Nearly all the stories set in the old south involve minorities, and minorities fighting against racism in its various forms, which figures. There are no white people except some peace activists in Alabama and Kentucky. So if you are looking for optimism in the south spreading beyond some black people, you will not find it here.
The best story is a deep history of Butte, Montana, and the vicious extractive economy run by Anaconda Copper for many years, crushing labor and environmentally destroying Butte. It is brutal in its clarity. A chapter on the rape of Western Shoshone lands by various gold mining companies, while the federal government stands by and demands the Native American’s sell their land for pennies an acre – in 2010 – is again shocking. The government refuses to pay the tribes money they were contractually obligated to pay. Nothing has changed as far as broken treaties are concerned, folks. The FBI blood circus at Ruby Ridge is detailed for all to see – the dead are incidental and the FBI killers free to shoot again. A story on a feminist and environmentalist shrimp-boat captain in Texas is surprising in its toughness, and contrasts well with the typical views of bourgeois feminism.

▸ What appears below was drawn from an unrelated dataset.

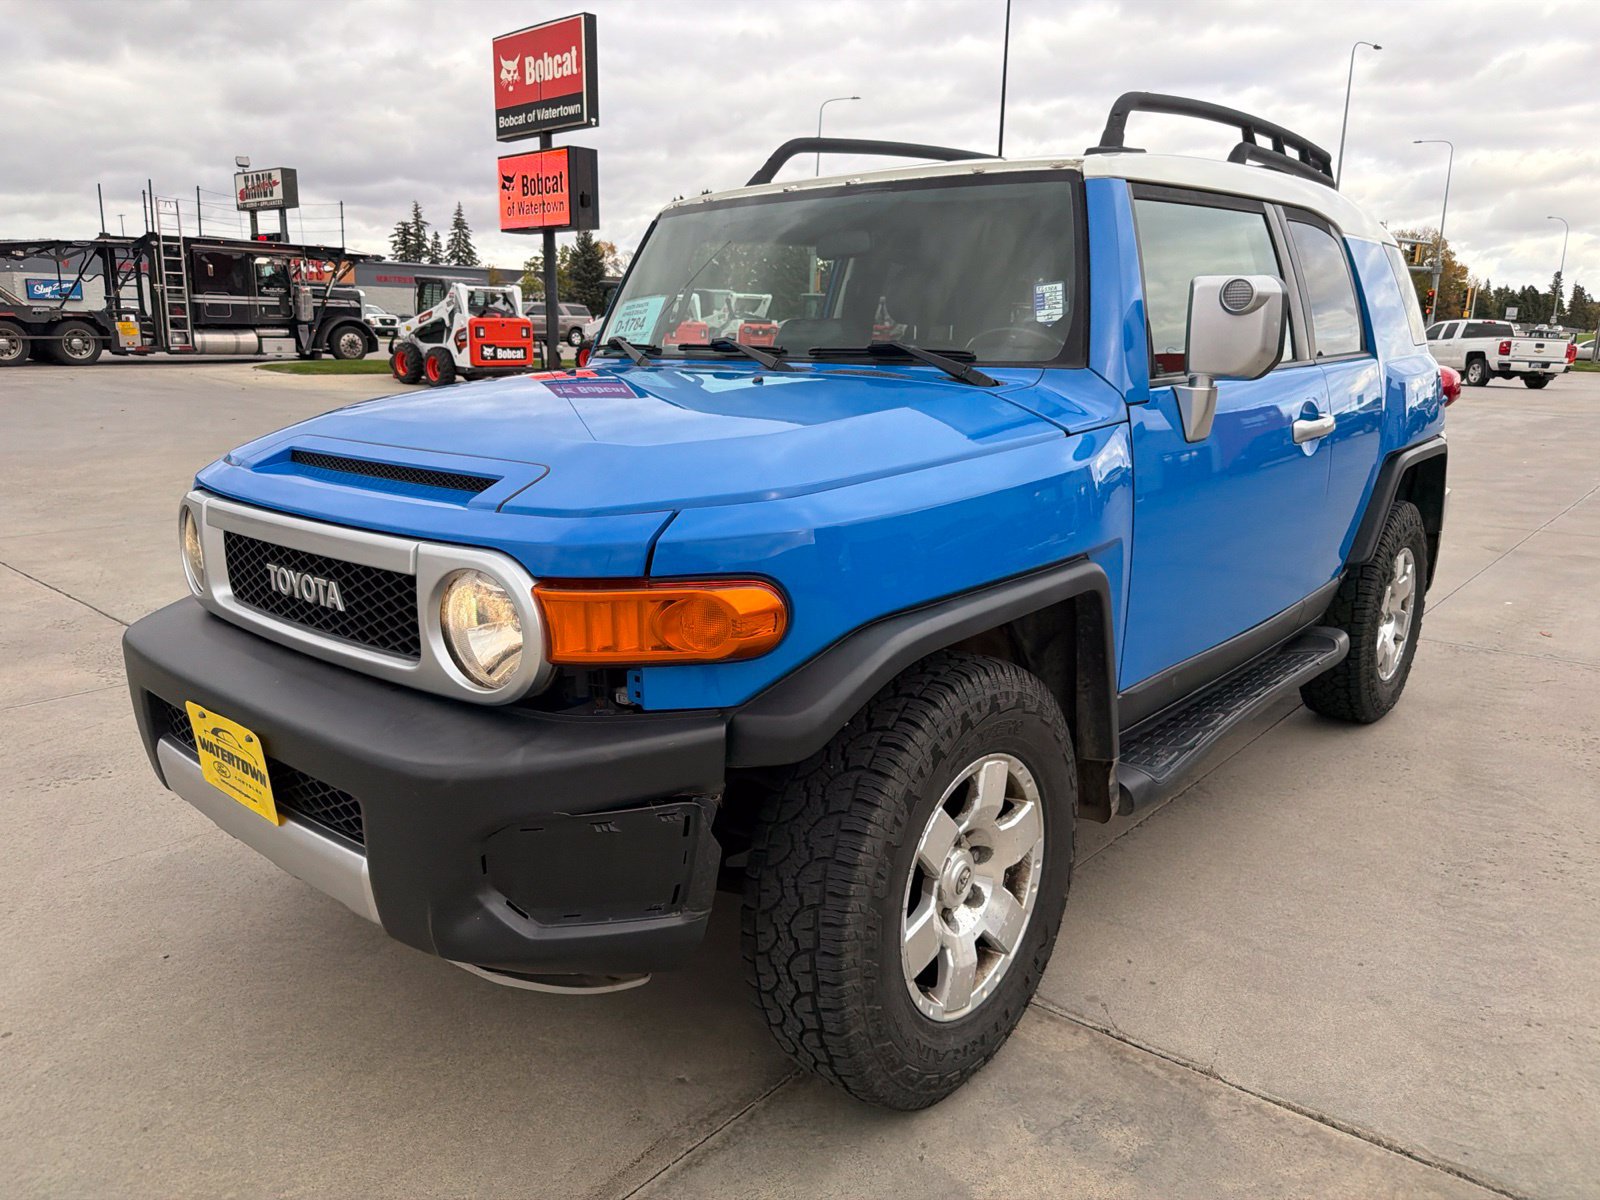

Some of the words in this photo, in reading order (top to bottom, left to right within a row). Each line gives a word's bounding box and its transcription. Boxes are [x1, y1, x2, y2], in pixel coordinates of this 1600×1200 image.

The book ends with a section on secessionist movements, irrespective of political intent. The right-wing Alaska independistas around the Palins, and various conservative or libertarian secessionist southerners (like Republicans in Texas), are lumped in with progressive secessionists like those in Vermont. I have favored the secession of Minnesota from the United States for many years. If Minnesota would see fit to join Canada, I'd be in favor of that. I'd be in favor of a socialist Minnesota, unlikely as that would be. But I would NOT favor secession if it resulted in a MORE reactionary state.
This is again a hard book to read. Too much has gone desperately wrong. Reading this, it is ever more evident that only a link-up of most of these forces in a nationwide, mass oppositional party can have a hope of beating the capitalist steamroller. The authors do detail the efforts of the western Green Party and other independent political formations, which unfortunately have not been successful. Lawsuits, civil disobedience and community organizing are the main tools being used here. The big gun - a mass Left party and revolutionary politics - is still on the shelf.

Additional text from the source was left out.